Nope; I want to do it to get you to agree to turn off quotas,
if your business model is not based on the idea that it's OK
to drop email into /dev/null for customers who don't pay you
more money.
> > Mark's wrong. His assumptions are incorrect, and based on the
> > idea that metadata updates are not synchronous in all systems.
>
> Meta-data updates are at least partially synchronous on all
> systems I know of. Well, unless you are running with asynchronous
> mounts, but if you're doing that then you shouldn't be running a mail
> system until you understand why that's a bad idea.
>
> Even if they're not synchronous, they're still bottlenecks to be
> avoided if possible.
FS design issue. And metadata updates in FreeBSD (with soft
updates) or SVR4.2 or Solaris (with delayed ordered writes) are
*NOT* synchronous, they are merely ordered.
> > Cyrus is much closer to commercial usability, but it has it's own
> > set of problems, too.
>
> It is somewhat closer. If you want real commercial usability,
> you have to start with the MessagingDirect code, which is based on
> Cyrus but with lots of bug fixes, increased reliability and
> robustness, etc.... Then you graduate to Sendmail Advanced Message
> Server, which takes that to the next level.
You limited my options to Open Source, however.
> >> Either way, locking is a very important issue that has to be
> >> solved, one way or the other.
> >
> > No, it's a very important issue that has to be designed around,
> > rather than implemented.
>
> Somebody said that when they invented Maildir. I didn't believe
> it then, and I don't believe it now.
Maildir is a kludge aound NFS locking. Nothing more, and nothing
less.
> > You are unlikely to ever find someone using NFS in this capacity,
> > except as a back end for a single server message store.
>
> Show me an IMAP server that actually implements SIS. I don't know of any.
MS Exchange does, and so does Lotus Notes. I know they suck, but
they are examples.
In the Open Source world, you're not going to find one: another
problem that Open Source has is an inability to tackle problems
above a certain level of complexity.
> > The point was that, without making changes requiring an in depth
> > understanding of the code of the components involved, which Nick's
> > solution doesn't really demonstrate, you're never going to get more
> > than "marginally better" numbers.
>
> Could be. In that case, we may have to find an alternative
> message suore solution.

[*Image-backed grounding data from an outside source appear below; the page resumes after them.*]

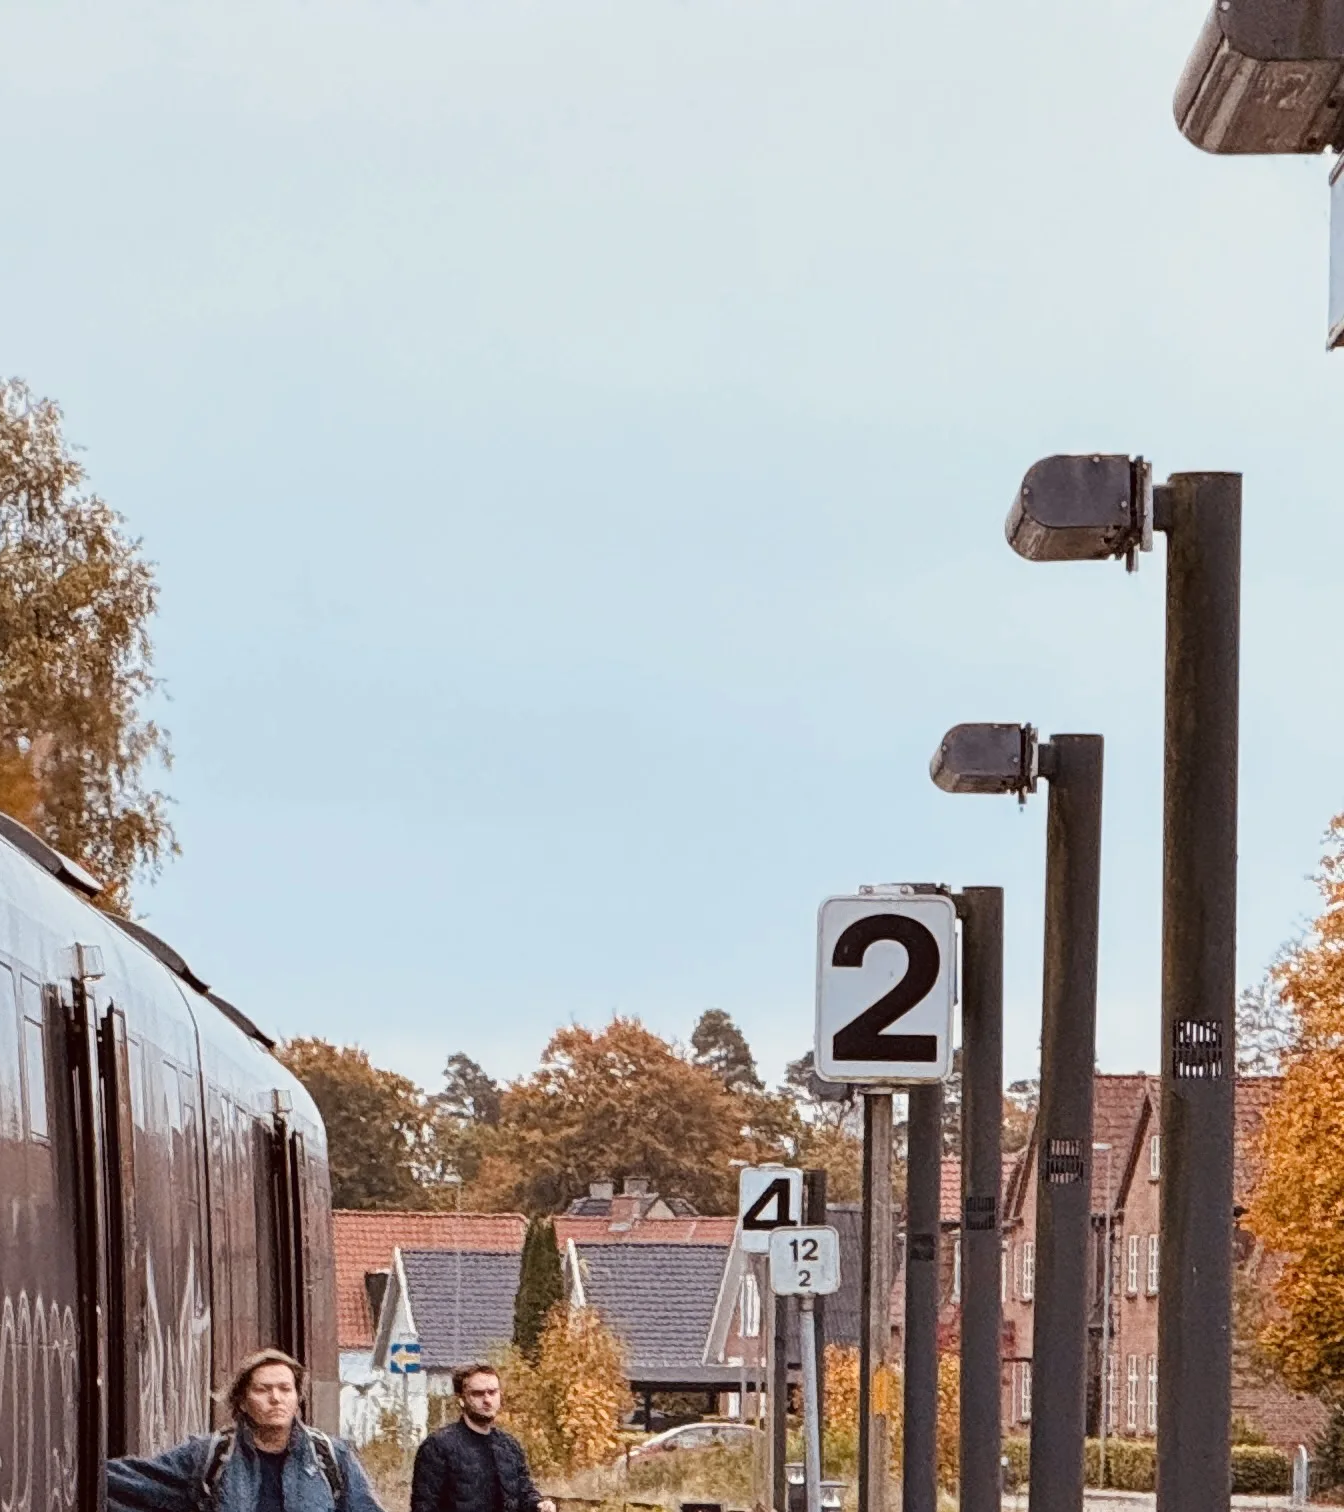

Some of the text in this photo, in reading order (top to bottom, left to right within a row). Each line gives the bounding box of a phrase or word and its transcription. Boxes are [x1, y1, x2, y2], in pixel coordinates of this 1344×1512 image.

[831, 913, 941, 1062] 2
[743, 1178, 798, 1231] 4
[789, 1238, 819, 1263] 12
[798, 1269, 811, 1287] 2
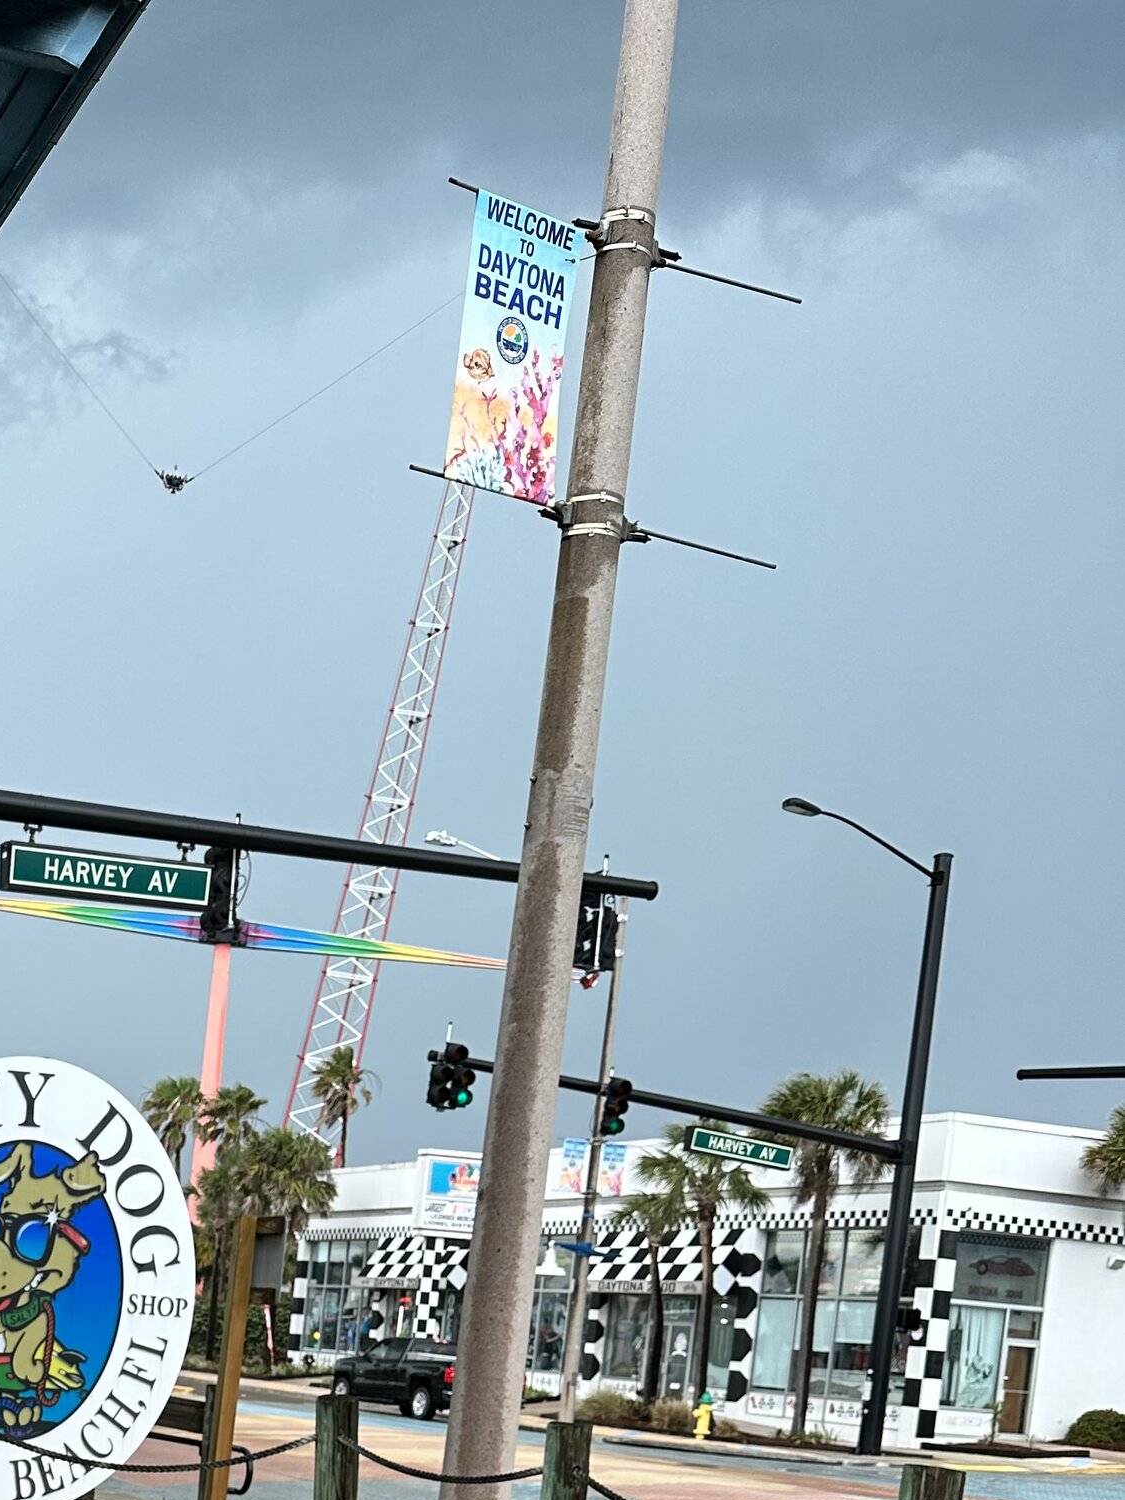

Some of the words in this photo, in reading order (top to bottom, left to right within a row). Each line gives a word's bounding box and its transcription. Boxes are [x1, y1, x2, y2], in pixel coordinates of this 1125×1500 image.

[487, 196, 576, 251] WELCOME
[520, 238, 534, 257] TO
[478, 243, 565, 301] DAYTONA
[474, 271, 563, 329] BEACH
[44, 857, 134, 888] HARVEY
[147, 870, 179, 893] AV
[707, 1135, 755, 1156] HARVEY
[759, 1148, 777, 1161] AV
[76, 1100, 182, 1279] DOG
[127, 1293, 188, 1319] SHOP
[598, 1281, 643, 1292] DAYTONA
[118, 1336, 168, 1390] FL

If I can prove that this really is a
> problem, then I'll try to help them find a suitable SAN solution and
> then drop in SAMS. If not, I may end up writing a paper or doing
> another invited talk.
8-).
> > It works on NFS. You just have to run the delivery agent on the
> > same machine that's running the access agent, and not try to mix
> > multiple hosts accessing the same data.
>
> Nope. mmap on NFS doesn't work.
Who's using mmap?!?
[ ... ]
> > The part of Netscape that Sun bought used to provide an IMAP4
> > server (based on heavily modified UW IMAP code). Is there a
> > reason you can't use that? I guess the answer must be "I have
> > been directed to use Open Source". 8-).
>
> Actually, no. They would much prefer commercial software.

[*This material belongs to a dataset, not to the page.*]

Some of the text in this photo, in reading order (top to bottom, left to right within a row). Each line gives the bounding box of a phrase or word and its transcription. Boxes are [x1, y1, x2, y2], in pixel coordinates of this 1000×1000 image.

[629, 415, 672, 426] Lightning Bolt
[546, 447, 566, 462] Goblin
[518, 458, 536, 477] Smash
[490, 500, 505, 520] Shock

> However, they don't have any money to spend on software, and I know
> from personal experience that the Netscape/iPlanet stuff doesn't
> scale. Indeed, we're already in the process of scrapping all other
> Netscape/iPlanet software because we've had excessive problems with
> it.
This is interesting to know; from the documentation available,
they imply they scale, and a single instance of one seems to
match their claims for a single instance. I guess it's always
worse than the marketing literature, when you deploy it. 8-(.

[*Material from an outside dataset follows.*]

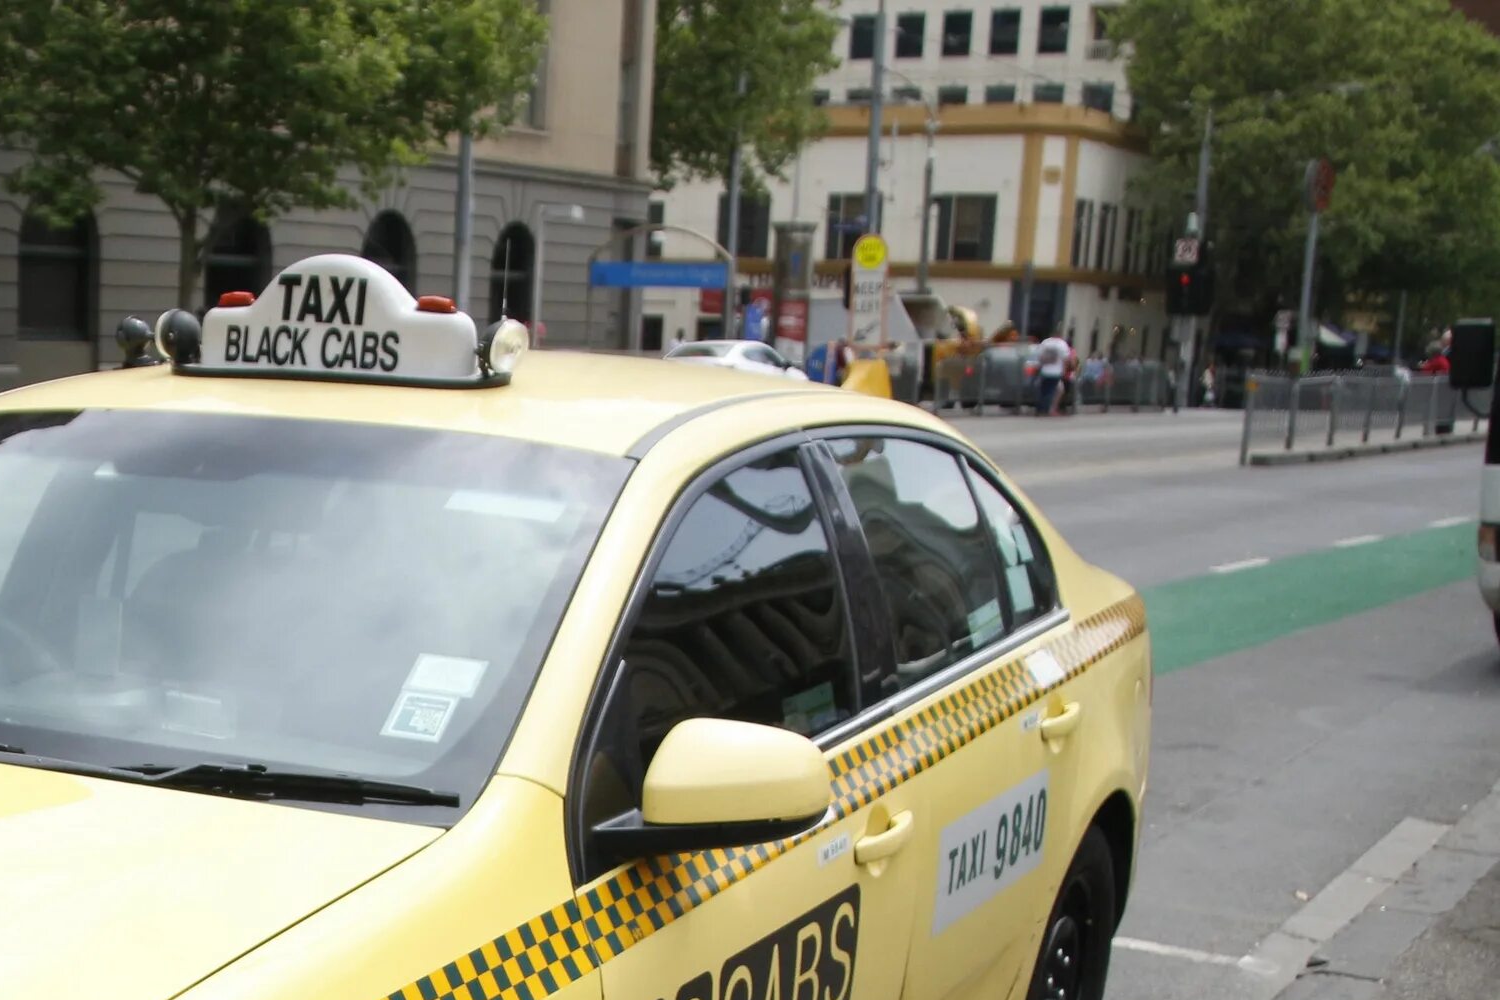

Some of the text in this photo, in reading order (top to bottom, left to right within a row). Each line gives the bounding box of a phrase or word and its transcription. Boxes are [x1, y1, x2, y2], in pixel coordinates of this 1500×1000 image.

[278, 273, 367, 326] TAXI
[225, 324, 400, 372] BLACK CABS
[948, 787, 1047, 896] TAXI 9840

> > This should be no problem. You should be able to handle this
> > with a single machine, IMO, without worrying about locking, at
> > all.
>
> Remember, Maildir doesn't do locking.
>
> > 10,000 client machines is nothing.
>
> 10,000 LAN clients? With 44MB messages and 200MB mailboxes? On
> NFS? Sorry, my testing so far indicates that this is a significant
> load and we need to take care to make sure that it is handled
> properly.
40 seconds to transfer on a Gigabit ethernet... assuming you can get
it of the disks. 8-). Do you really expect them all simultaneously?
> > so you can treat the
> > inbound one as a bastion host, and keep the outbound entirely
> > inside, and the inbound server should use a transport protocol
> > for internal delivery to the machine running the IMAP4 server,
> > which makes lockign go away.
>
> How does locking go away? Through Maildir? Or did you have
> something else in mind?
You don't need to assert a lock over NFS, if the only machine doing
the reading is the one doing the writing, and it asserts the lock
locally (this was more talking about the Cyrus cache files, not
maildir).
> > At worst, you can limit the number
> > of bastion to internal server connections, which will make things
> > queue up at the bastion, if you get a large activity burst, and
> > let it drain out to the internal server, over time.
>
> I'm not worried about internal SMTP connections. But we have to
> be careful to make sure we don't put any additional limits on POP3 or
> IMAP connections.
I was talking about machine capacity for connections. POP3 is one
at a time, IMAP4 is (usually, worst case) 4 per client.
- -- Terry
------------------------------
Date: Fri, 14 Feb 2003 14:03:47 +0100
From: Brad Knowles <brad.k...@skynet.be>
Subject: Re: Email push and pull (was Re: matthew dillon)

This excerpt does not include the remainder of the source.